A week later, council decided to shelf the project.

Coun. Phil Welock oversees the fire hall in his role as councillor. At an April 18 meeting at the fire hall, Welock said the delay would likely be two or three years. He noted 2015 is the 100th anniversary of the department. “To me that would be a target date,” Welock said.

He said there were a number of reasons for the delay, including many newly recruited volunteer firefighters. “I’d rather the chief work with the new volunteer firefighters ... to learn how to fight fires and man the rescue truck and the first responder than spending time in a museum,” Welock said.
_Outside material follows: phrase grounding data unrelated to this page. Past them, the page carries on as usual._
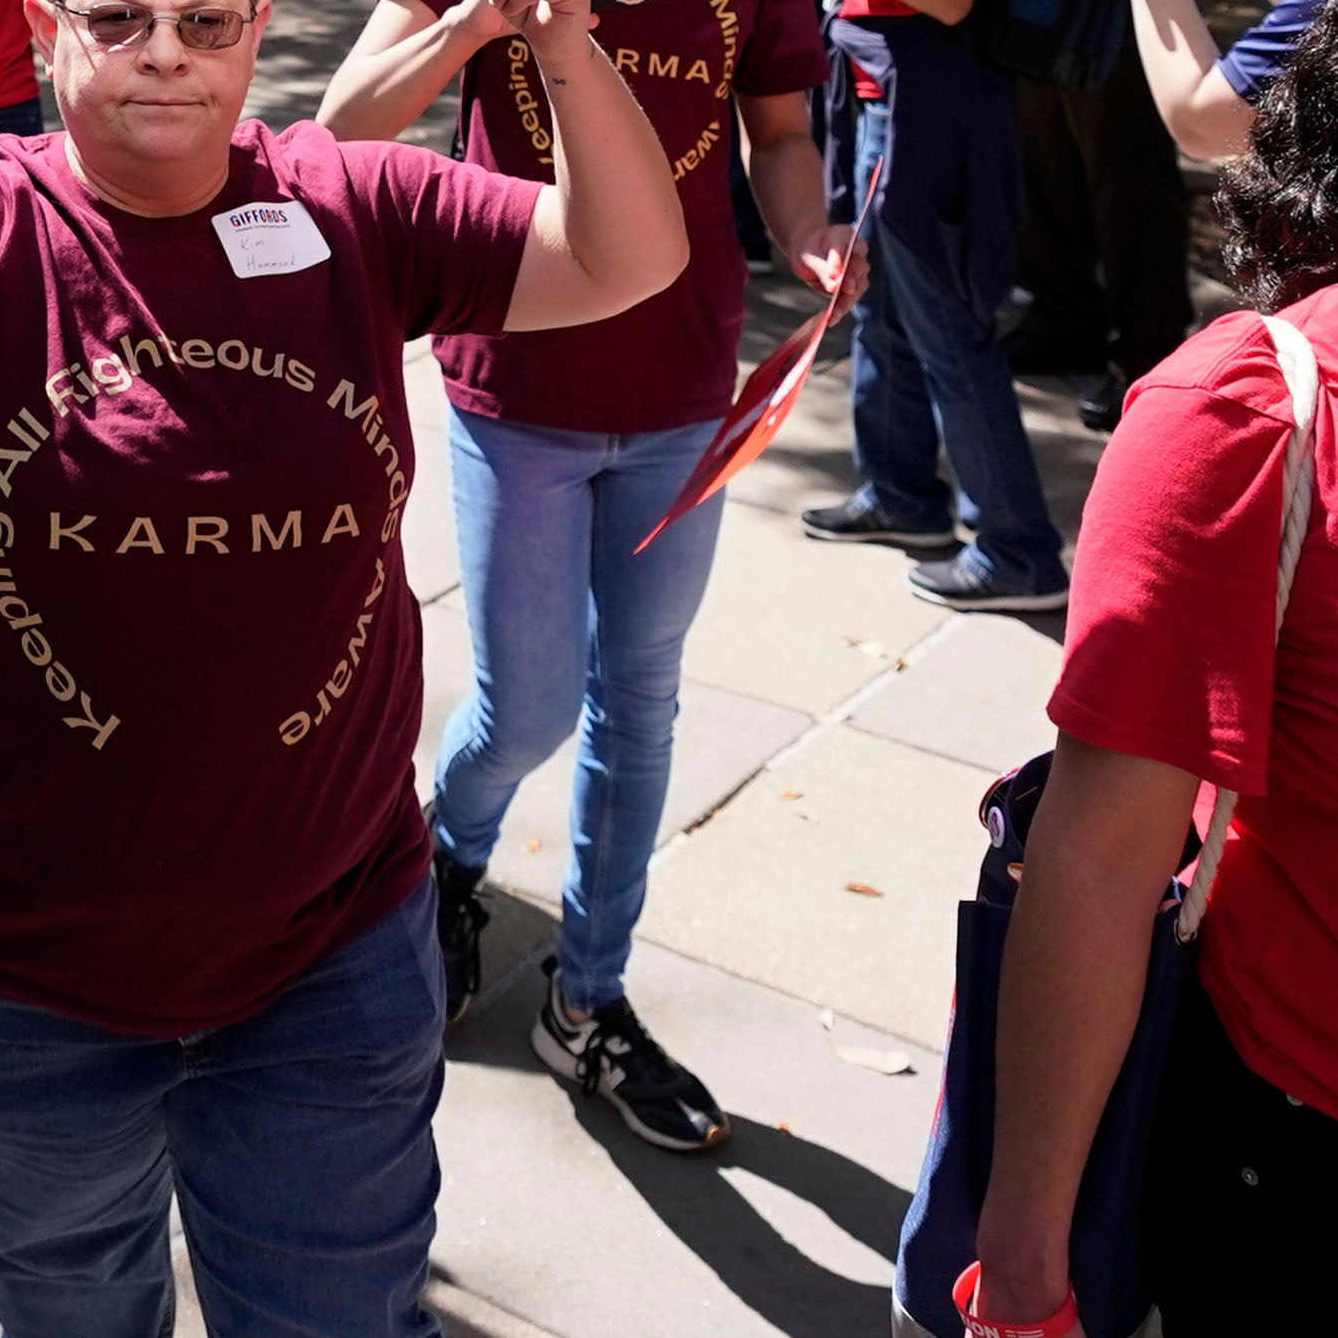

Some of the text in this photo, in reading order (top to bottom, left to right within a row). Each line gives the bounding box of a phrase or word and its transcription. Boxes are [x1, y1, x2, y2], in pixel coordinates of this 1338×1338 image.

[507, 39, 554, 164] eeping
[615, 47, 710, 84] RMA
[230, 209, 288, 228] GIFFORDS
[43, 333, 317, 419] Righteous
[327, 379, 410, 545] Minds
[49, 503, 361, 555] KARMA
[278, 556, 386, 747] Aware
The extension would be used to house and restore an antique fire department truck. Welock worried restoring the fire truck could take years. He also wanted to see more of the long-time, ex-volunteers get involved with the project. “I guess there’s a political aspect to that as well,” he said.
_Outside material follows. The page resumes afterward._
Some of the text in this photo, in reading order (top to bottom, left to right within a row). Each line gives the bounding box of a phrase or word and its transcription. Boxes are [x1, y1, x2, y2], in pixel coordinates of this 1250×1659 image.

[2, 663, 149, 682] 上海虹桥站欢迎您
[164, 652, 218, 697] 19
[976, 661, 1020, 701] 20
He also said a big council thrust was improving deteriorating infrastructure. This project would create another facility to maintain. “Grant money is taxpayers’ money regardless where it comes from,” Welock said. “The business plan was fine but on a scale of one to five I would have given it a one.” He said the plan needed time for further refinement so the operation could be self-sustaining.

“We would expect people to pay,” Welock said. “I think you’re going to see a different focus from council. We’re going to start saying no.”

“I think the taxpayers expect us to be a little more fiscally responsible with any dollar we get, regardless of where it comes from.”

Fire chief Girard said he’d work with the volunteers to refine the business plan and “focus a bit more on how this museum would be self-sustaining and how it would be run on a daily basis.”

The museum expansion was budgeted at $160,000. The society had secured $87,500 from a tourism infrastructure fund, and had requested $50,000 from the Columbia Shuswap Regional District’s economic opportunity fund. The plan was to make up the remainder through in kind donations.

Revelstoke economic development director Alan Mason said the $87,500 in funding from the tourism infrastructure fund was part of a five-year plan; the timing was flexible.